*** Opening Exercise materials ***

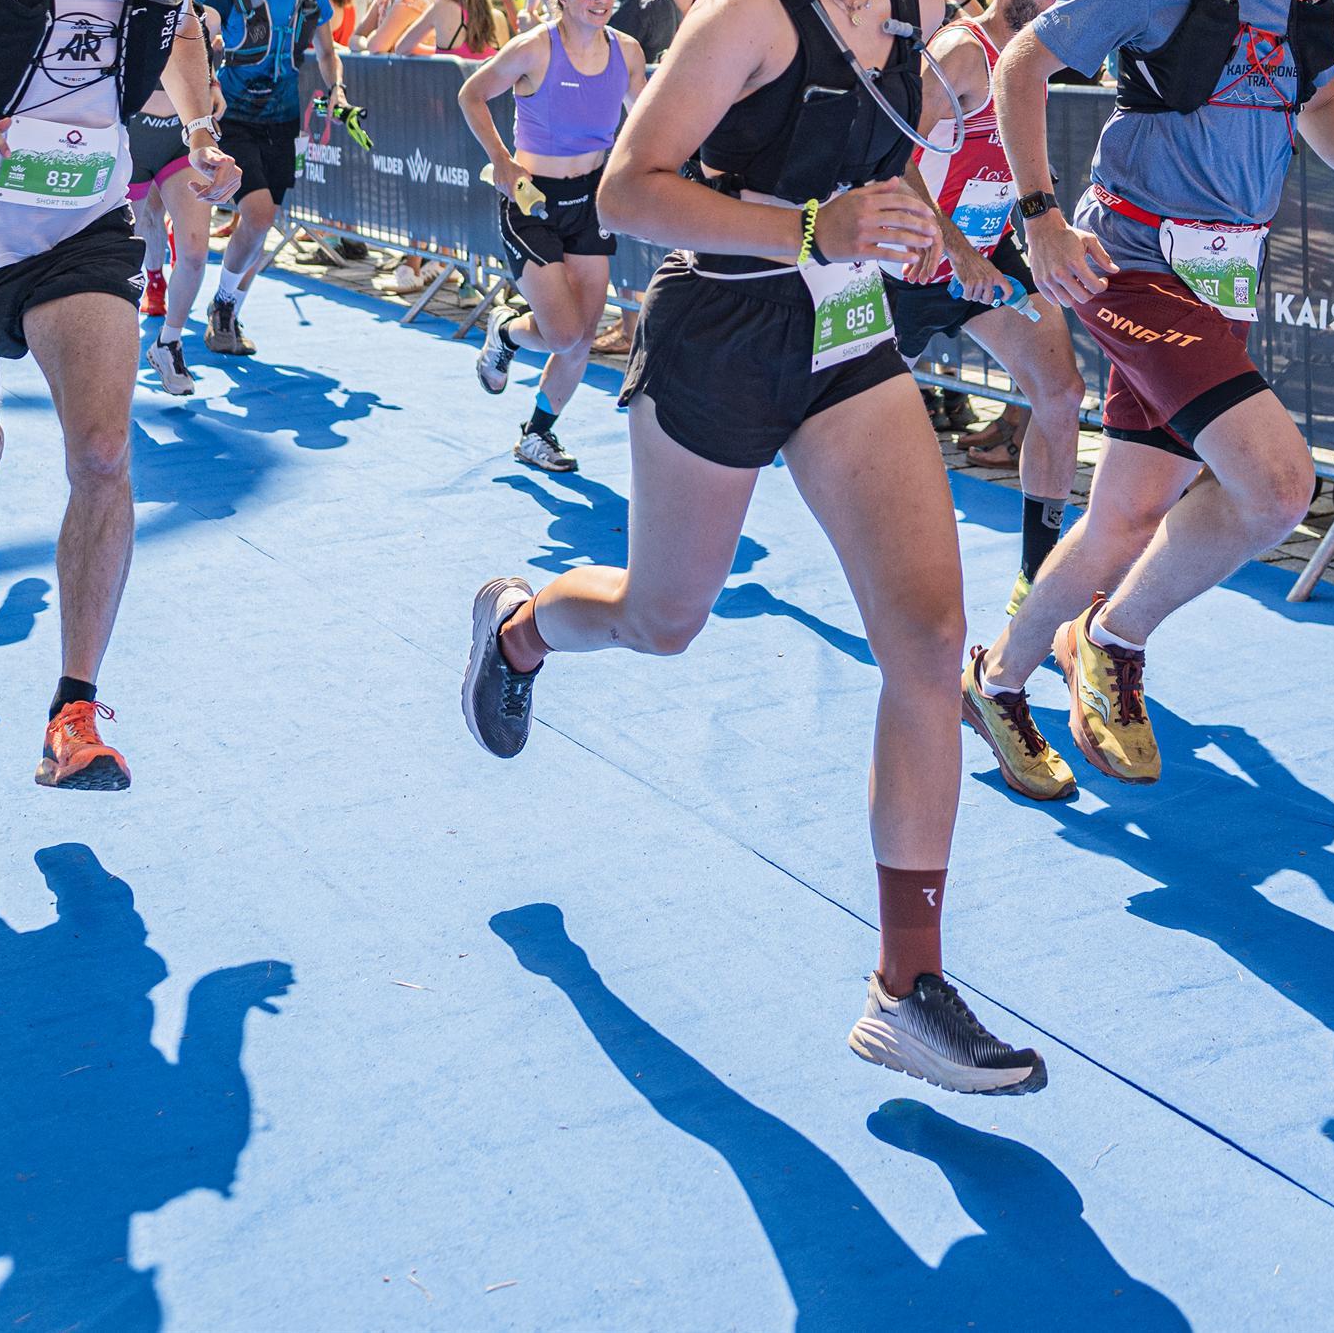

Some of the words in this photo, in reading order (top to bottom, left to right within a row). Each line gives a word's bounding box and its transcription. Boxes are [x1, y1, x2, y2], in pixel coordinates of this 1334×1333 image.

*** Closing Exercise materials ***
*** Opening Exercise materials ***

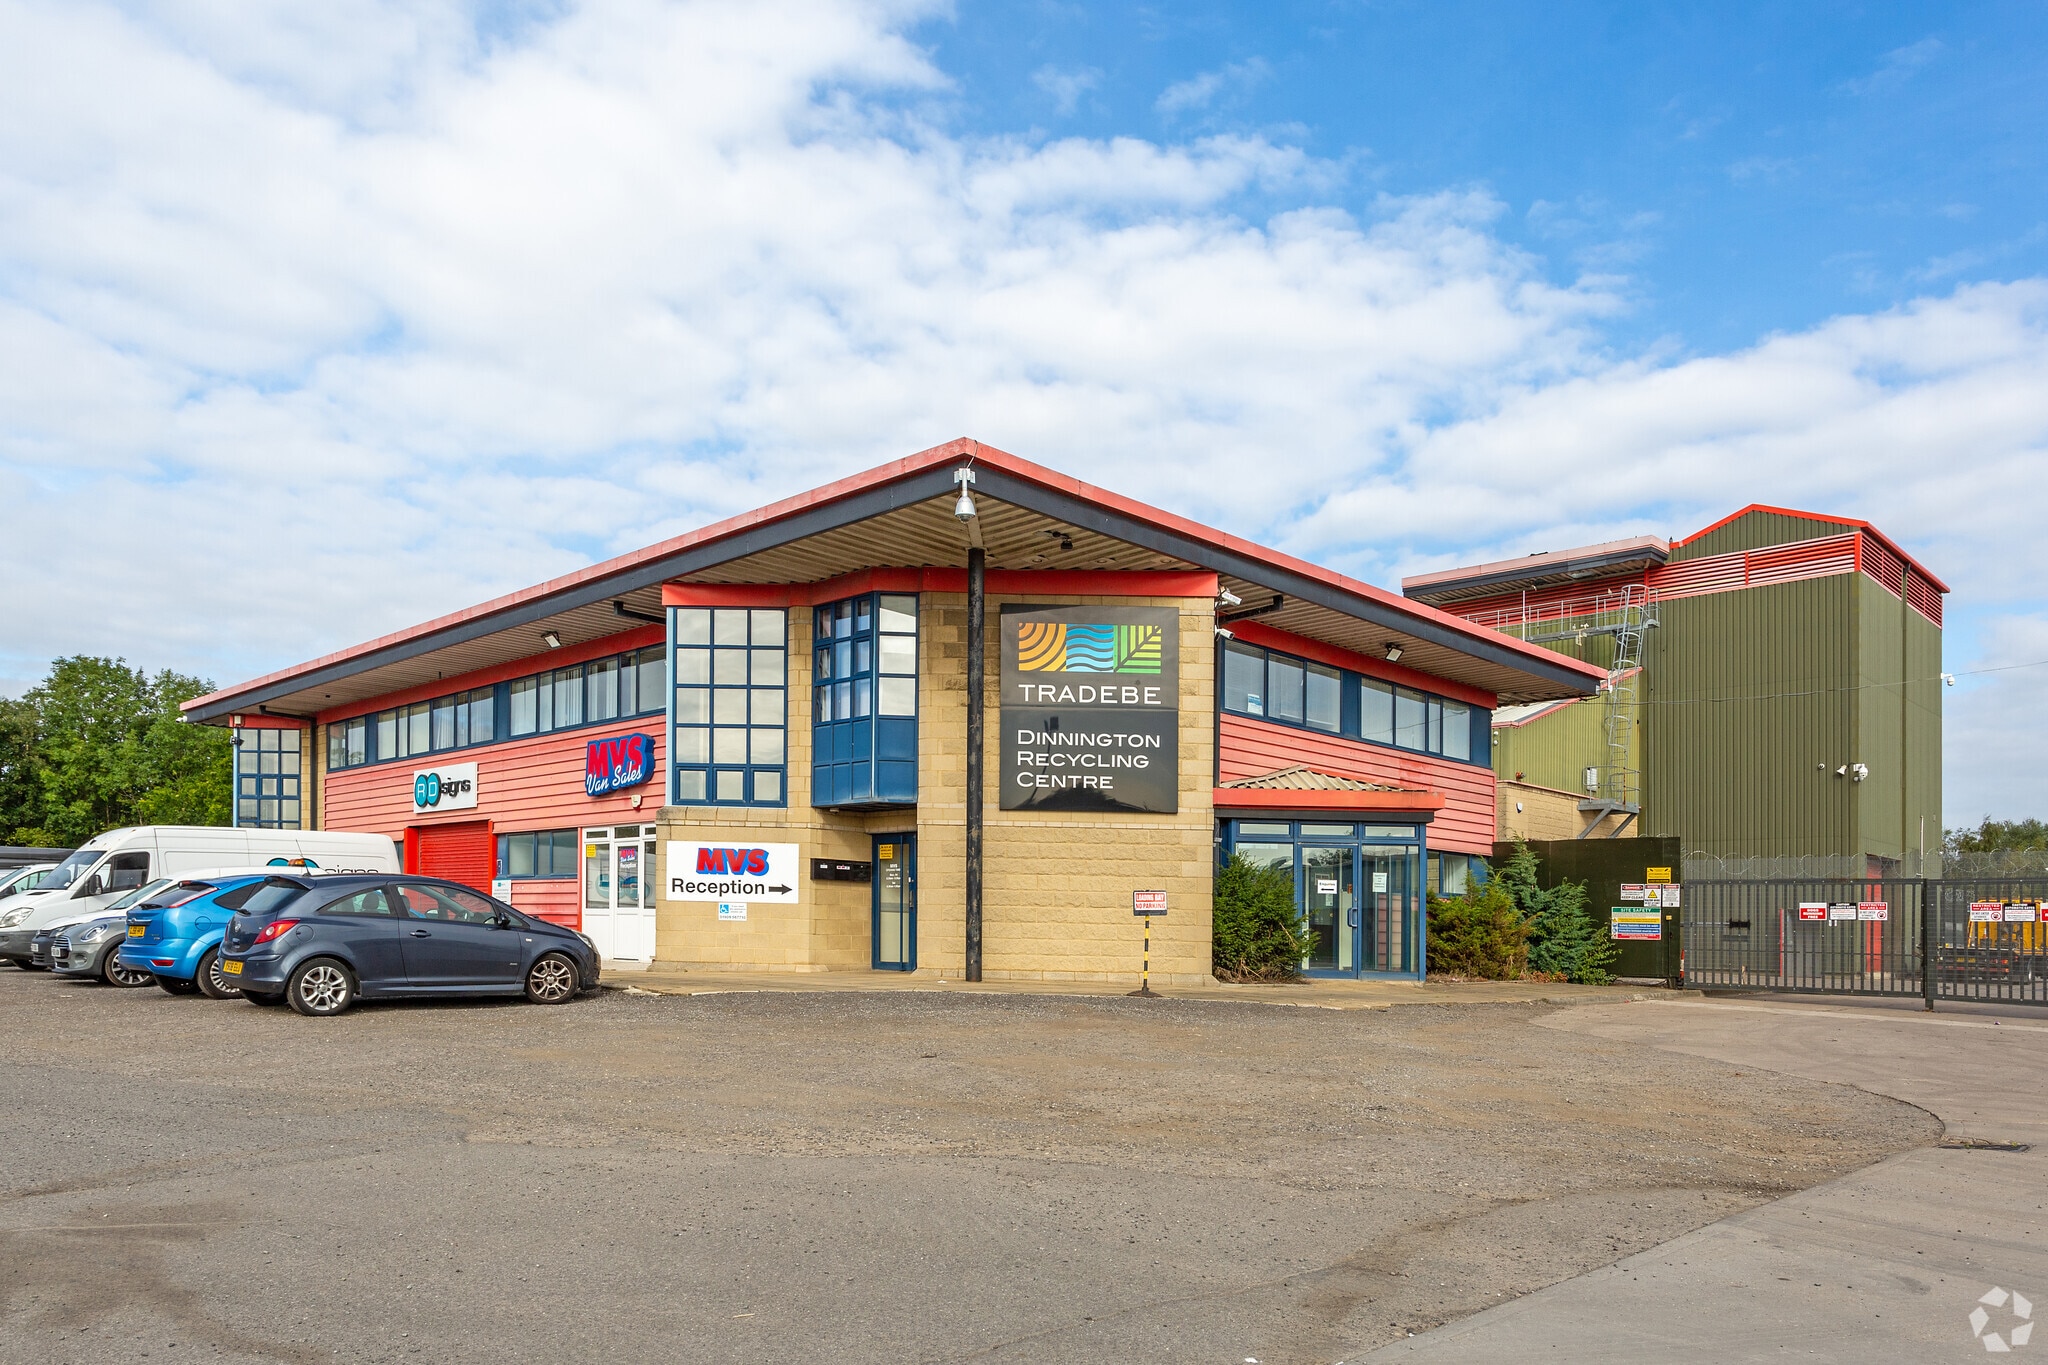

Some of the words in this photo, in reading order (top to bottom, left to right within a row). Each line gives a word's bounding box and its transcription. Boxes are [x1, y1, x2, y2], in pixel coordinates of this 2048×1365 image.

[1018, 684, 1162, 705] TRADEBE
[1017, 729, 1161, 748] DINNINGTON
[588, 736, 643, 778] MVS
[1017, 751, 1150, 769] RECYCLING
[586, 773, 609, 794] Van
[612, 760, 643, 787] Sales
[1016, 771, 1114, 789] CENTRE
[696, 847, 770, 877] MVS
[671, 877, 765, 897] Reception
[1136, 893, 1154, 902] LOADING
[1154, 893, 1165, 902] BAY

*** Closing Exercise materials ***
*** Opening Exercise materials ***

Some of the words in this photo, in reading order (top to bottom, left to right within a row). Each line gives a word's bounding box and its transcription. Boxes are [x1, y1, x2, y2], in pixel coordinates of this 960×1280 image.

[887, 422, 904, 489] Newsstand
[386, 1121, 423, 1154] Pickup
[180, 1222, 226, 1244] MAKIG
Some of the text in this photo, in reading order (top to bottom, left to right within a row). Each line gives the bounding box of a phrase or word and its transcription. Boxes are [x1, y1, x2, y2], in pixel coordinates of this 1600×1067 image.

*** Closing Exercise materials ***

Your answer should be the lines above, from the line containing "this 960×1280 image." up to and including the line containing "Some of the text", reproduced exactly and with nothing else.

Some of the words in this photo, in reading order (top to bottom, left to right within a row). Each line gives a word's bounding box and its transcription. Boxes are [x1, y1, x2, y2], in pixel coordinates of this 960×1280 image.

[887, 422, 904, 489] Newsstand
[386, 1121, 423, 1154] Pickup
[180, 1222, 226, 1244] MAKIG
Some of the text in this photo, in reading order (top to bottom, left to right within a row). Each line gives the bounding box of a phrase or word and its transcription. Boxes are [x1, y1, x2, y2], in pixel coordinates of this 1600×1067 image.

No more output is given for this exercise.